Patterns of Chromosomal Instability and Clonal Heterogeneity in Luminal B Breast Cancer

Abstract

Chromosomal instability (CIN), defined by variations in the number or structure of chromosomes from cell to cell, is recognized as a distinctive characteristic of cancer, associated with the ability of tumors to adapt to challenging environments. CIN has been recognized as a source of genetic variation that leads to clonal heterogeneity (CH). Recent findings suggest a potential association between CIN and CH with the prognosis of BC patients, particularly in tumors expressing the epidermal growth factor receptor 2 (HER2+).
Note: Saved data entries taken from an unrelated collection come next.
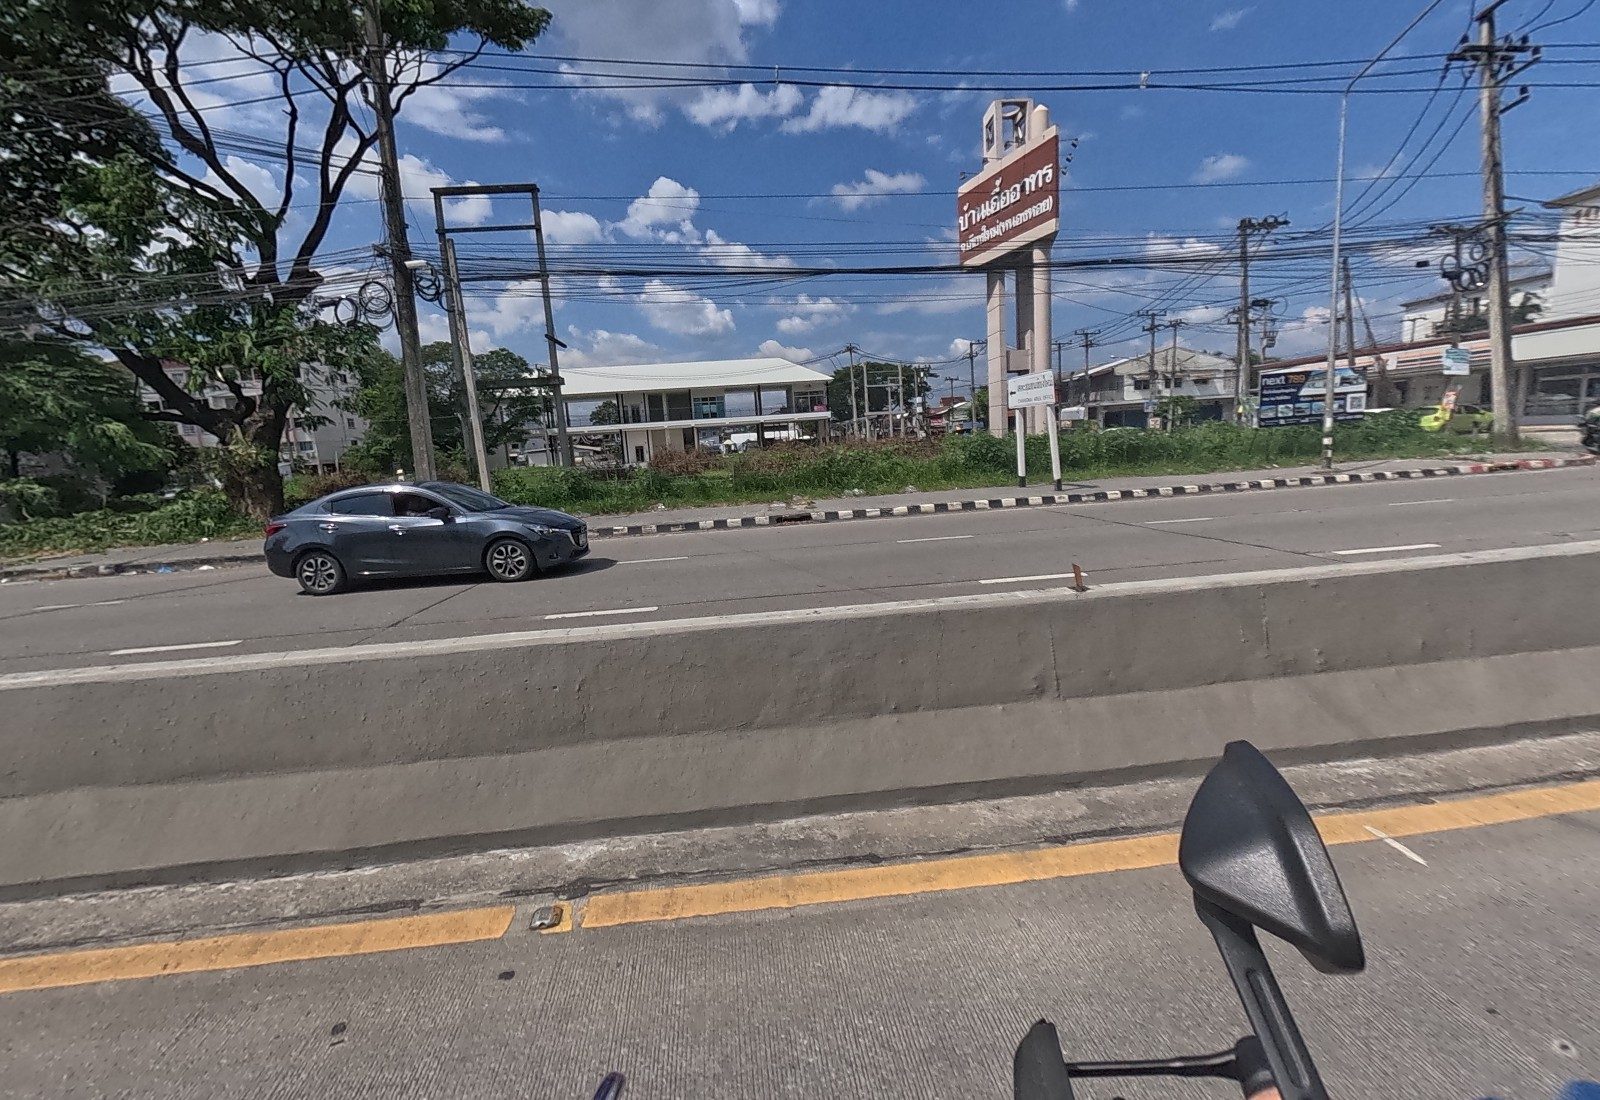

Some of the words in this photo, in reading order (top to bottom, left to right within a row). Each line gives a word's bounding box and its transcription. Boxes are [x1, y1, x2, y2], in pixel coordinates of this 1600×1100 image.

[959, 163, 1054, 231] บ้านเอื้ออาทร
[1261, 375, 1286, 386] next
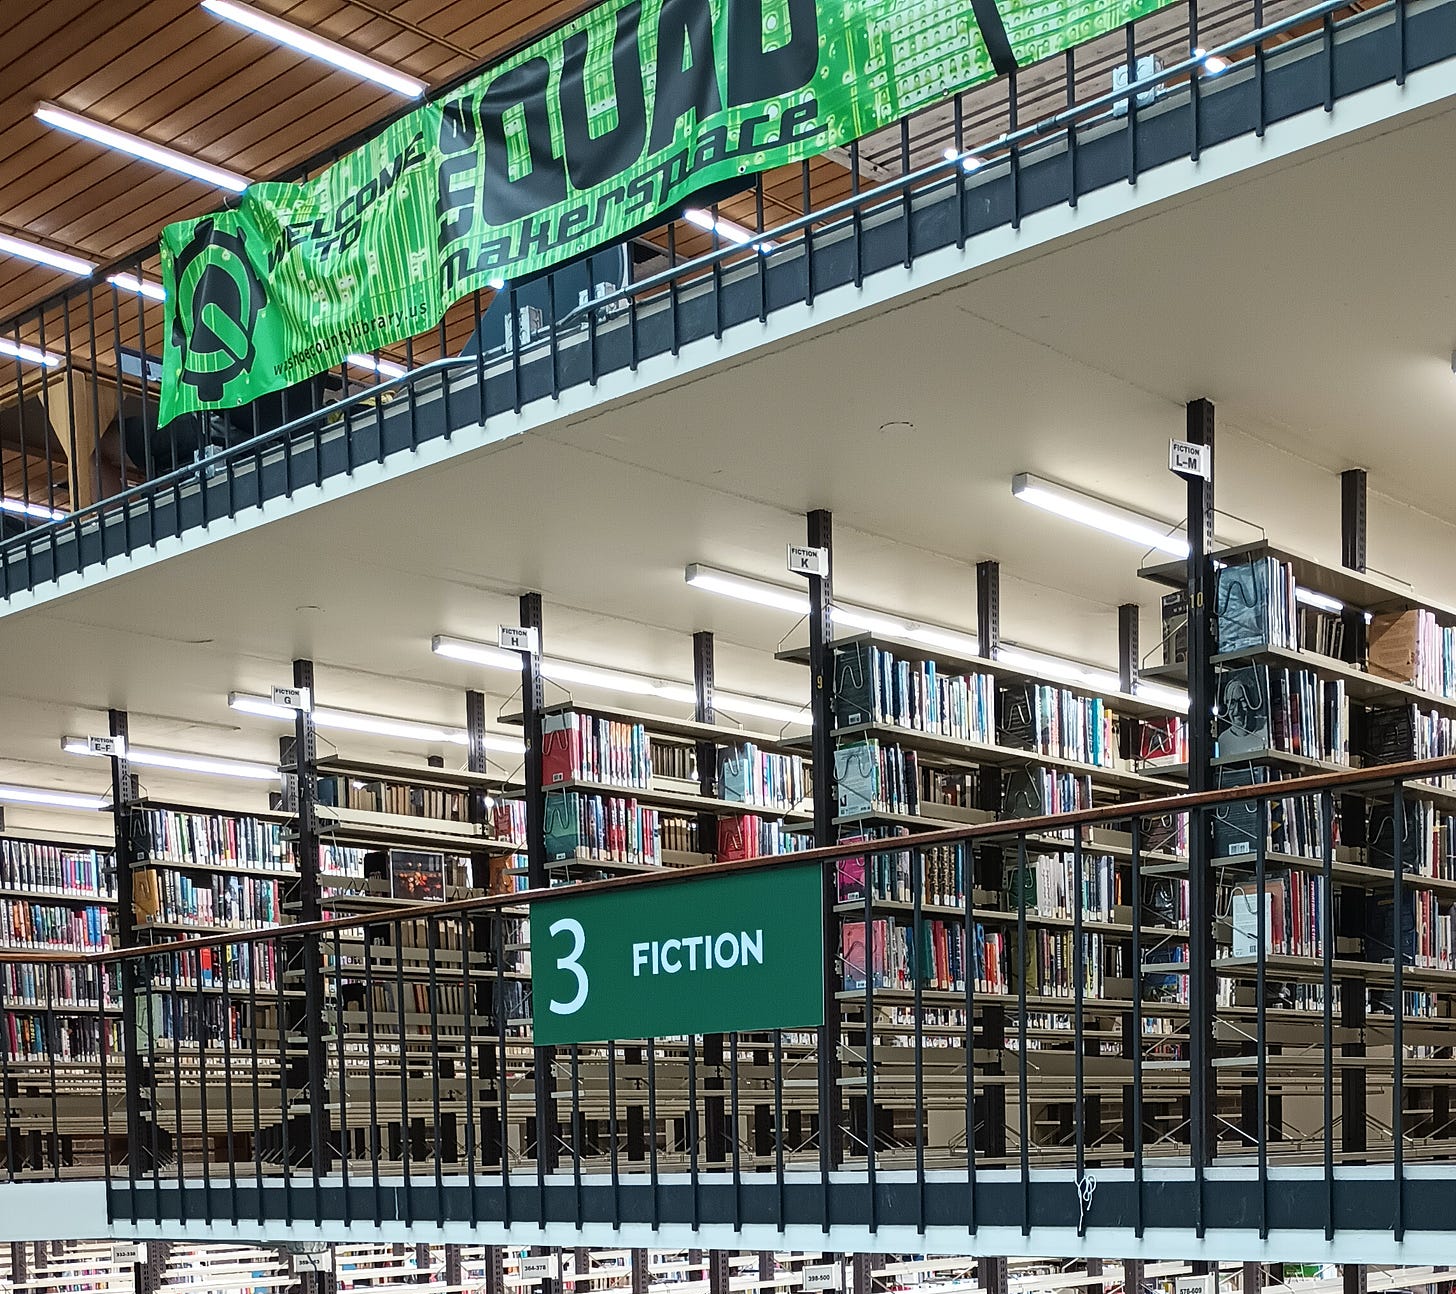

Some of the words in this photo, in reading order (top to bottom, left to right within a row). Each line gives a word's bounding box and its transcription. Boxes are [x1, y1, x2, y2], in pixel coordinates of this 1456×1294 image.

[478, 0, 819, 226] QUAD
[268, 131, 426, 273] WELCOME
[440, 98, 828, 295] makerspace
[315, 220, 361, 263] TO
[1173, 444, 1200, 456] FICTION
[1176, 454, 1197, 470] L-M
[791, 547, 817, 557] FICTION
[801, 558, 809, 568] K
[1190, 592, 1204, 608] 10
[502, 628, 527, 637] FICTION
[511, 637, 519, 646] H
[816, 675, 823, 689] 9
[275, 688, 300, 696] FICTION
[284, 696, 292, 704] G
[548, 917, 589, 1015] 3
[632, 929, 764, 977] FICTION
In fact, information on the role of CIN in other BC subtypes, including luminal B BC, is limited. Additionally, it remains unknown whether CIN in luminal B BC tumors, above a specific threshold, could have a detrimental effect on the growth of human tumors, or if low or intermediate CIN levels could be linked to a more favorable BC patient prognosis when contrasted with elevated levels. Clarifying these relationships could have a substantial impact on risk stratification and the development of future therapeutic strategies aimed at targeting CIN in BC. This study aimed to assess CIN and CH in tumor tissue samples from ten patients with luminal B BC, and compared them with established clinicopathological parameters. The results of our study show that luminal B BC patients exhibit intermediate CIN and stable aneuploidy, both of which correlated with lymphovascular invasion. These findings suggest that evaluating CIN, CH and aneuploidy could improve risk stratification, the prediction of clinical outcomes and future therapeutic approaches in luminal B BC patients.